By the end of our segment, the woman who’d fallen out of love with her famous sporting partner turned to me and robustly endorsed “the right of the Scottish people, having voted to stay in Europe, to go their own way if they want to”. And then it was hard into the third commercial break. But a wee internal victory lap for me.
But did this fruitful, productive exchange hurtle round the social media accelerator as a hot meme? Of course it bloody didn’t. That’s enough for me to just about recuse myself from frontline indy media duties. I’m not in the mood, or life-stage, to send incendiary zingers round the networks. Thoughtful politeness is the best I can manage, these days.
The mechanics of the media war won’t go away, though – and it’s interesting to see how political strategy adapts. There’s no doubt that Ian Blackford, the SNP’s leader in Westminster, is cranking up his Parliamentary rhetoric on Boris Johnson’s “racism” and “sexism”, in order to send sizzling memes into the digital melee.
Does it sit all that comfortably with this embodiment of old-school Highland courtesy? Not to my eyes.
But when we finally get into the indyref2 zone, or maybe the snap General Election that a Boris Johnson leadership might trigger, it’s not just the temptation to break taboos and crank up the effect that I’m worried about. It’s the fact that the social-media systems we will inevitably use are expressly designed to profit from extremism and vituperation. Lines may be crossed, because the forces pulling us over them are so strong. Mindfulness, please.

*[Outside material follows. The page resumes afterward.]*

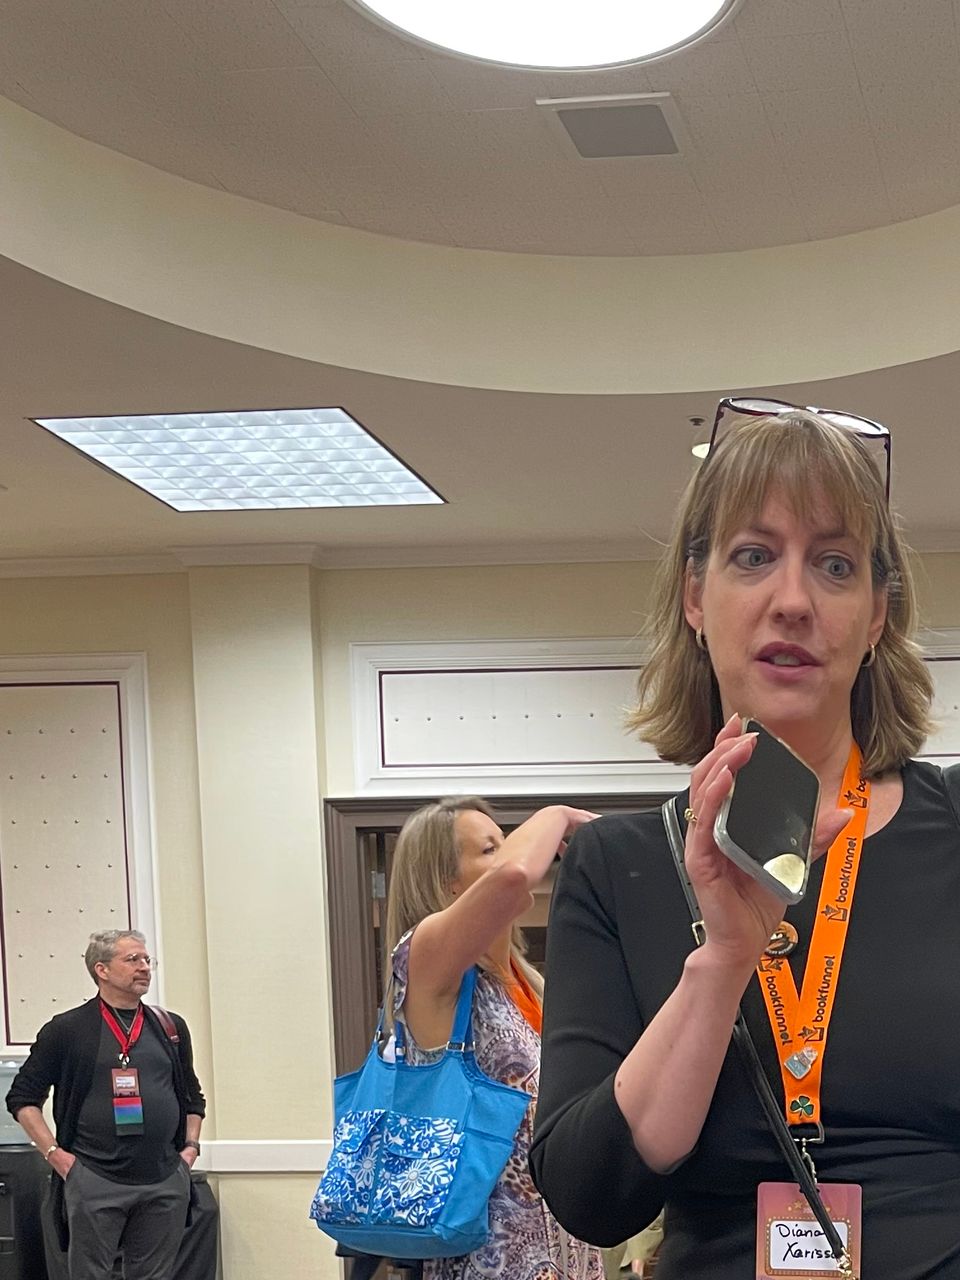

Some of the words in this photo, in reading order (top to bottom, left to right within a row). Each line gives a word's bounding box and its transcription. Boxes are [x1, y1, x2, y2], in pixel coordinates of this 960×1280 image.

I’LL close by quoting two examples that are hardly viable alternatives. But they at least show you can take the high road in media politics – and not end up in failure and defeat.
Check out, firstly, Change A View – the new website based on the wildly (and globally) successful Reddit site. It’s run by a young software expert born and living in Inverness, Kal Turnbull. Kal’s aim is to encourage online commenters to persuade (rather than abuse) their opponents – who, if their minds are changed by a discussant, can award them “deltas”. This makes a high-scoring game out of sweet reason. It’s a clever incentive. Sounds geeky? Remember how brittle and forced the early Facebook sounded. Maybe this could be integrated into some of our “national conversations”.
And if you want to be utterly inspired, look at the successful election of an anti-Erdogan candidate for the mayoralty of Istanbul the other week. They won, and resoundingly, by distributing a publication called the Radical Love Book.
The text is explicitly aware that modern Turks are being polarised by the government’s orchestration of disputes on social media.
Their counter-tactics were simple. Find your opponent, use some simple methods to engage them in respectful talk, and aim to hug them at the end. The opening lines of the Book are stirring enough: “In the endless emptiness of space, there’s life on a tiny little planet. But there’s always fighting on this planet … When did the world become this loveless?”
There will be much fighting in the media trenches over the next few years – and all power to those well capable of it.
But can we also get to a discourse around indy with engages with our most basic yearnings and aspirations, in this poetic way? Or will all that be dismissed as rainbows and unicorns by the political cognoscenti?
Morning TV might well be a battleground friendlier to soft power than hard power, empathy over antipathy. Worth a try. If they invite me back, I promise to inflict it on Jezza.